«Temos tendência a esquecer que, por serem altamente vulneráveis, os livros podem ser suprimidos ou destruídos. Como as demais produções humanas, os livros são portadores de uma história, história essa cujos primórdios continham já em germe a possibilidade ou a eventualidade de um fim.
Pouco sabemos acerca desses primeiros passos. Na China, textos de natureza ritual ou didáctica remontam com certeza ao segundo milénio anterior à nossa era. Quer os escritos administrativos e comerciais produzidos na Suméria, quer os proto-alfabetos e alfabetos nascidos no Mediterrâneo oriental são testemunhos de uma evolução complexa, cuja cronologia rigorosa ainda está por determinar. Na nossa tradição ocidental, os primeiros “livros” foram tabuinhas de leis, registos comerciais, prescrições médicas, ou previsões astronómicas. As crónicas historiográficas, intimamente associadas a um tipo de arquitectura triunfalista e a comemorações de vingança, precederam, com toda a certeza, tudo aquilo a que chamamos “literatura”; ou seja, a epopeia de Gilgamesh, já que os mais antigos fragmentos datados da Bíblia dos Hebreus são tardios, muito mais próximos do Ulisses de James Joyce do que das suas próprias origens, que se relacionam com o canto arcaico e a narrativa oral.

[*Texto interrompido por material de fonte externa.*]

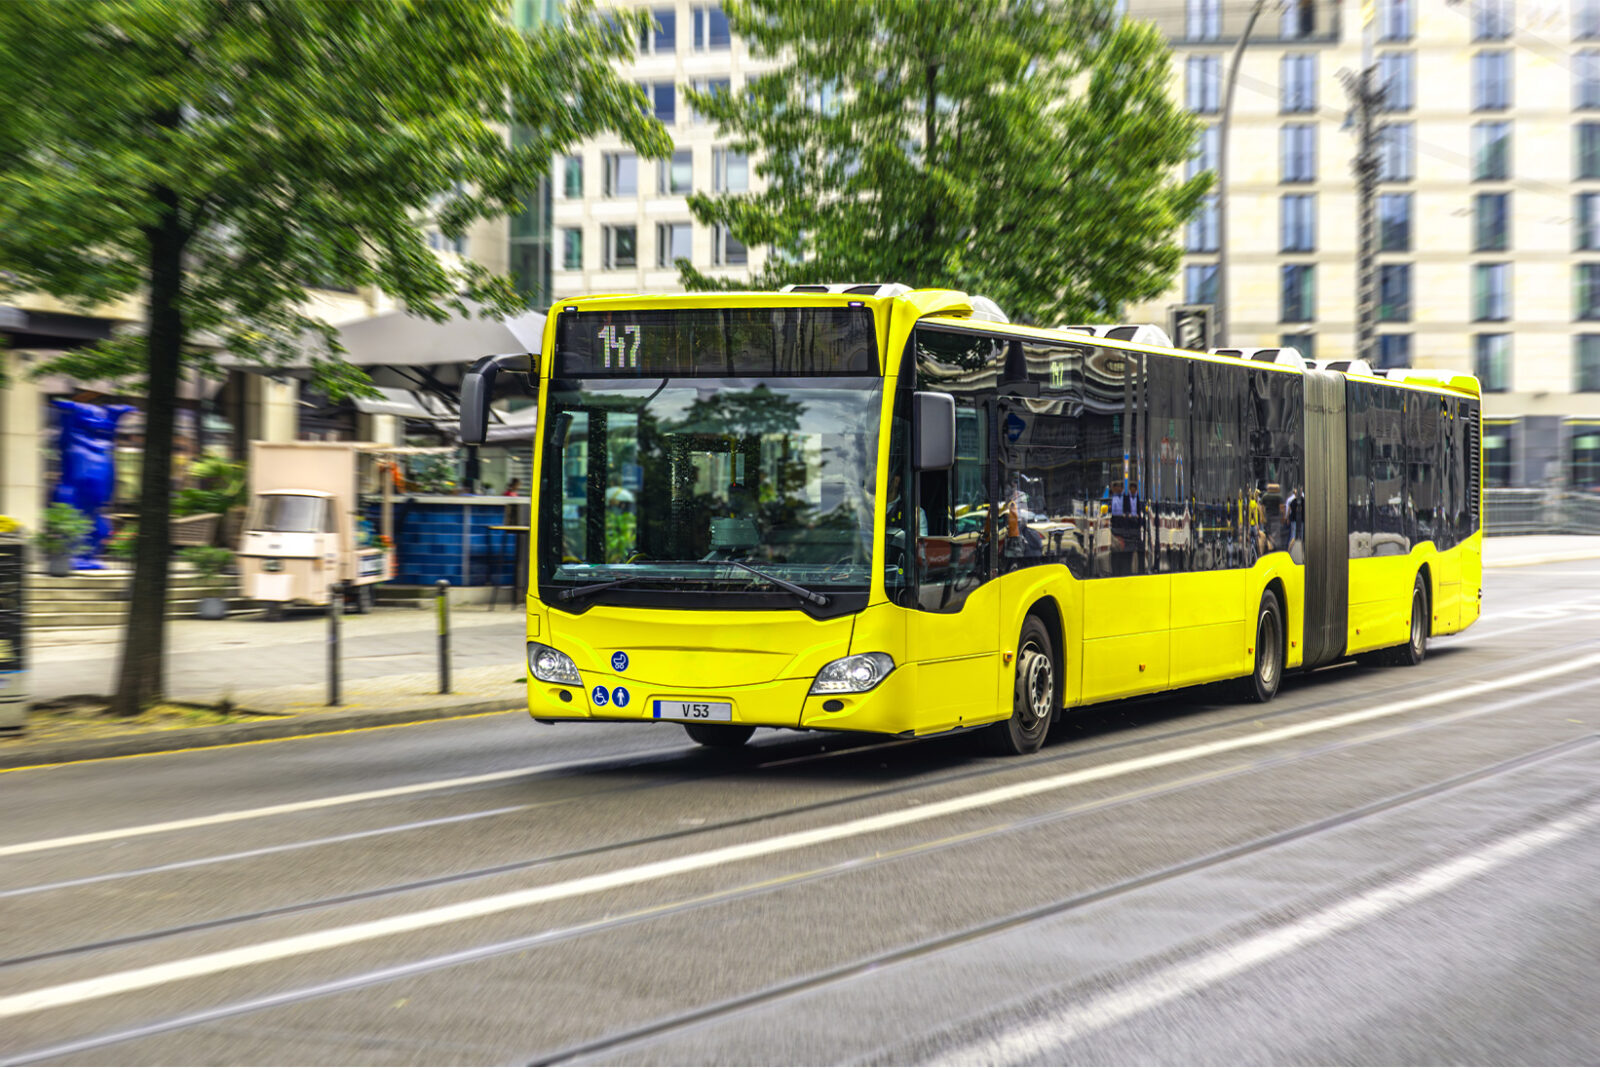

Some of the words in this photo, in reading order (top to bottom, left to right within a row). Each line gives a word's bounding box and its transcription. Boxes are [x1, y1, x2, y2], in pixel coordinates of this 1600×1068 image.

A escrita constitui um arquipélago na imensidade oceânica da oralidade humana. A escrita – e não vale a pena determo-nos nos diferentes formatos que o livro foi assumindo – configura um caso à parte, uma técnica específica entre um todo semiótico maioritariamente oral. Milhares de anos antes do processo de desenvolvimento das fórmulas escritas já se contavam histórias, já se transmitiam por via oral ensinamentos de carácter religioso e mágico, já se compunham e se transmitiam fórmulas encantatórias de amor, ou então anátemas. Chegou até nós, alheia a toda e qualquer forma de alfabetização, uma multidão de sonoridades vindas de comunidades étnicas primitivas, de mitologias elaboradas, de saberes tradicionais relativos à natureza. Não existe neste planeta um único ser humano que não mantenha com a música um qualquer tipo de relação. A música, sob a forma do canto ou da execução instrumental, parece ser de facto universal. É a linguagem fundamental para comunicar sentimentos e significações. A maior parte das pessoas não lê livros. Porém, canta e dança.»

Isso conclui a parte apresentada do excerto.